I got a peek at what their lives might have been like at the Plainsman Museum in Aurora, Nebraska, which housed an authentic sod home.
Sod was the only building material out on the treeless prairie at that time, but it provided a cool haven in summer and lifesaving shelter in winter. The walls of the museum’s house were thick, with blades of grass sticking out, and it was a bit dark inside the one-room house. A piece of fabric covered the ceiling to keep critters from falling on the heads of homesteaders. The bed had a colorful quilt and was in arm’s reach of a spinning wheel, piano and table that crowded the room.
Henry and Zelda lived in their sod house for about two years until a combination of typical settler hardships hit them: Henry’s ox stepped on his foot and broke it, and the market for turkeys collapsed.
Henry could no longer make a living farming, so he responded to an ad from someone looking for a partner in a general store in Elk Point, South Dakota, just across the Nebraska border. He bought in, and made enough of a success of the venture to later buy out his partner.
Many routes west
The Plainsman Museum also has exhibits of 19th-century shop interiors, perhaps something like Henry’s, where visitors can walk in and look at various goods from that era.
Henry kept his general store for many years, bringing my grandfather into the business. They eventually ordered goods from Marshall Fields in Chicago and made quite a go of it until a fire shut them down.
Along with the Plainsman, several other area museums offer glimpses of pioneer life.
The Mennonite Heritage Park in Henderson conveys the experience of 135 Mennonite families who fled the Ukraine area in the 1870s, along with about 20,000 others, when their lifestyle and religious freedom were threatened.

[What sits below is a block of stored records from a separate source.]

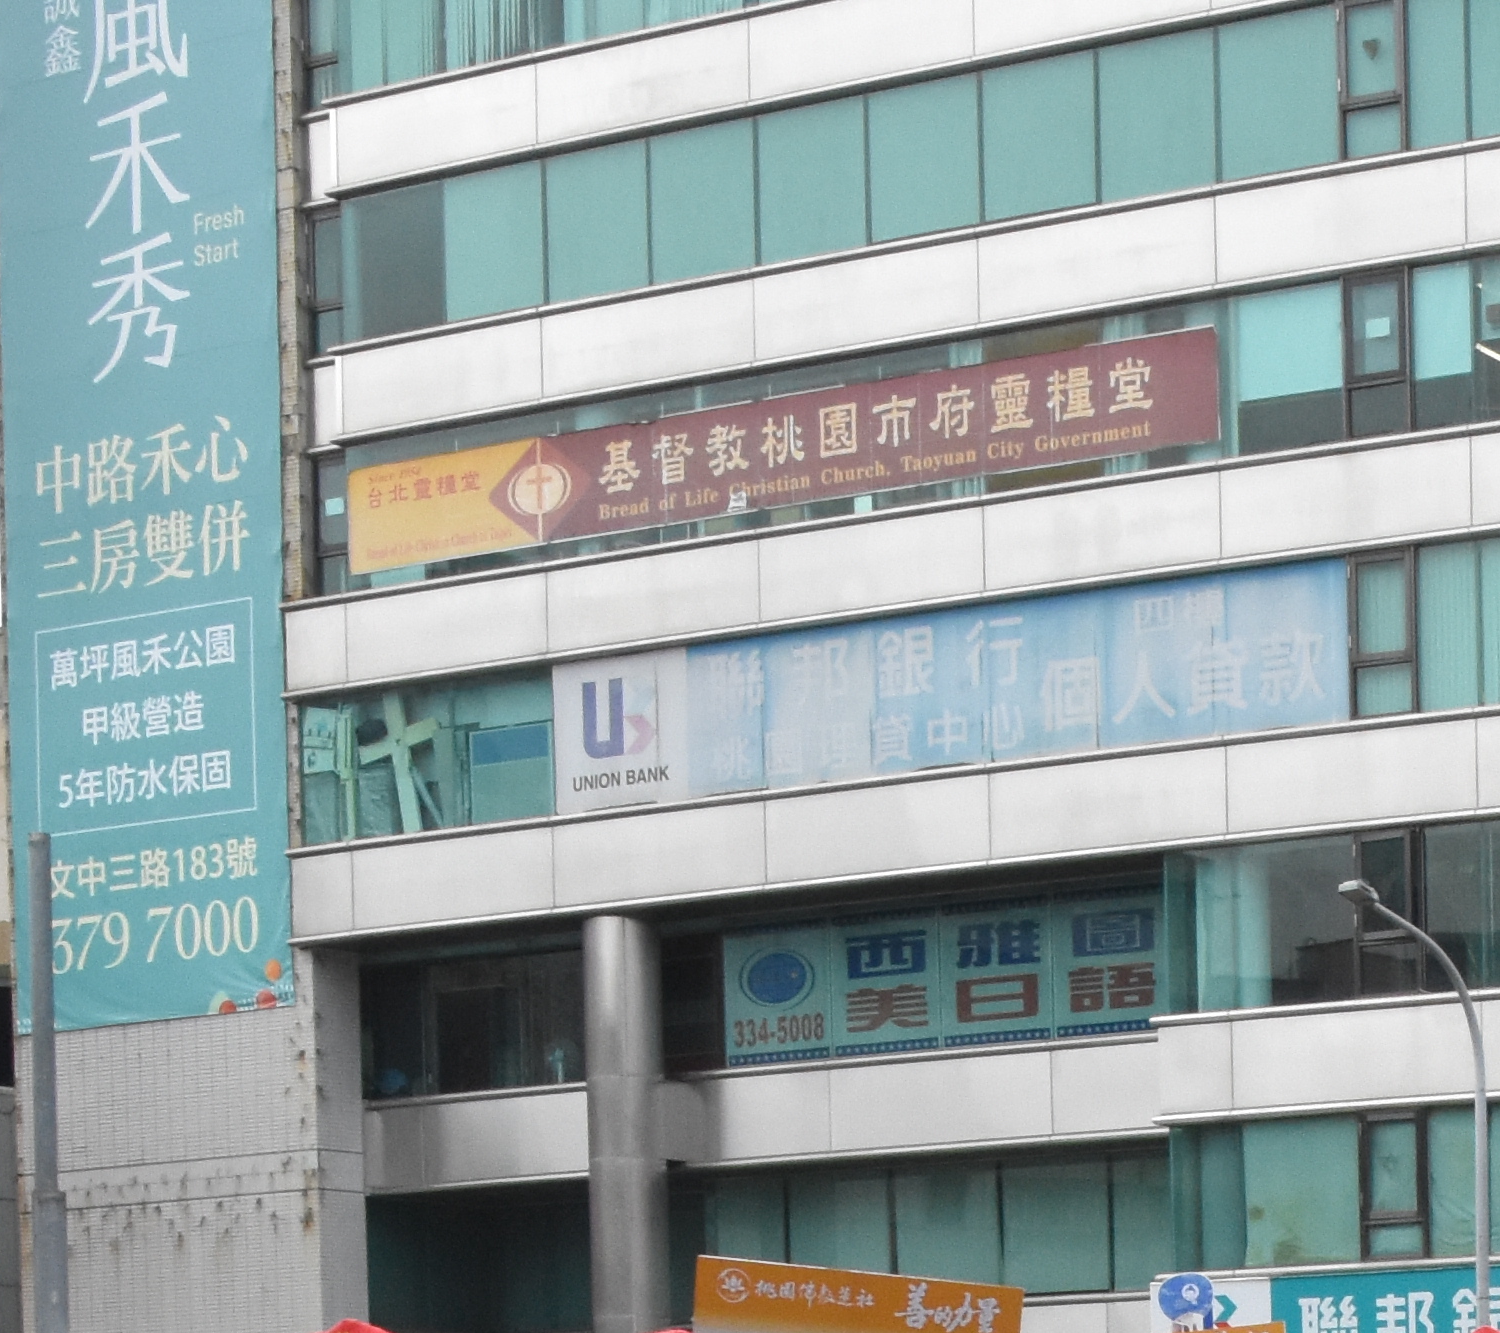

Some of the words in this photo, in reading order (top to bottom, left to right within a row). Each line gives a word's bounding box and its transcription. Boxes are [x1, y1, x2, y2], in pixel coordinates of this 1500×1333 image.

[83, 0, 191, 384] 風禾秀
[193, 204, 245, 236] Fresh
[194, 238, 240, 268] Start
[598, 357, 1154, 495] 基督教桃園市府靈糧堂
[34, 413, 249, 515] 中路禾心
[368, 471, 481, 509] 台北靈糧堂
[600, 497, 649, 521] Bread
[659, 492, 678, 511] of
[685, 488, 719, 509] Life
[729, 472, 810, 498] Christian
[900, 450, 977, 474] Taoyuan
[987, 440, 1025, 461] City
[1035, 421, 1152, 453] Government
[36, 499, 251, 600] 三房雙併
[49, 623, 236, 692] 萬坪風禾公園
[704, 616, 1024, 717] 聯邦銀行
[1041, 630, 1326, 731] 個人貸款
[82, 690, 205, 746] 甲級營造
[59, 749, 232, 809] 5年防水保固
[571, 771, 622, 792] UNION
[624, 765, 670, 789] BANK
[50, 836, 258, 901] 文中三路183號
[145, 896, 260, 964] 7000
[845, 907, 1155, 981] 西雅圖
[734, 1013, 824, 1048] 334-5008
[845, 961, 1156, 1033] 美日語

So, about six years ahead of Henry and Zelda, these 135 families took the railroad to Lincoln, a little southwest of Omaha to stock up on supplies and then settle in Henderson.
Volunteers showed us the pioneer Mennonite church and the community house that served as temporary shelter until families could build their own houses.
The Wessels Living History Museum in York depicts the dramatic changes in family farming life from Native Americans to European immigrants, such as the shifts from wells to irrigation and horse-drawn plows to motorized tractors. The Wessels home itself was part of that change. The structure was a kit home, ordered from the Sears Roebuck catalog in 1917 and shipped in numbered pieces by train. Such “houses by mail” offered pioneers sturdy, modern homes they could put up as fast as they could nail Plank A into Joint B.
The Stuhr Museum of the Prairie Pioneer, a living history museum in Grand Island, Nebraska, offers an even more expansive view of pioneer life. The museum has over 100 structures, including Railroad Town, which features life in the 1890s, with a mercantile shop perhaps similar to my great-grandfather’s.
It was tough traveling
The most unique pioneer museum I visited was the Great Platte River Road Archway over Interstate 80 at Grand Island, a stopping point for pioneers heading to Oregon and California in the 1840s and ‘50s.
Visitors take an escalator up, cross over the Interstate and immerse themselves in simulated rugged areas in the mountains. There, they can consider the experiences of the pre-railroad pioneers, most of whom walked the prairies and mountains alongside their covered wagons. It’s not hard to picture them discarding once-prized belongings along the way to lighten their loads. The Mormons’ travels were especially difficult, as they used two-wheeled carts pulled not by animals but by the immigrants themselves.
So in these Nebraska museums, I found out more about the great-grandparents I’ve never met—how they weren’t the only ones fleeing persecution and how hard they must have worked to establish themselves. I have new respect for their resilience and optimism. They persevered and succeeded.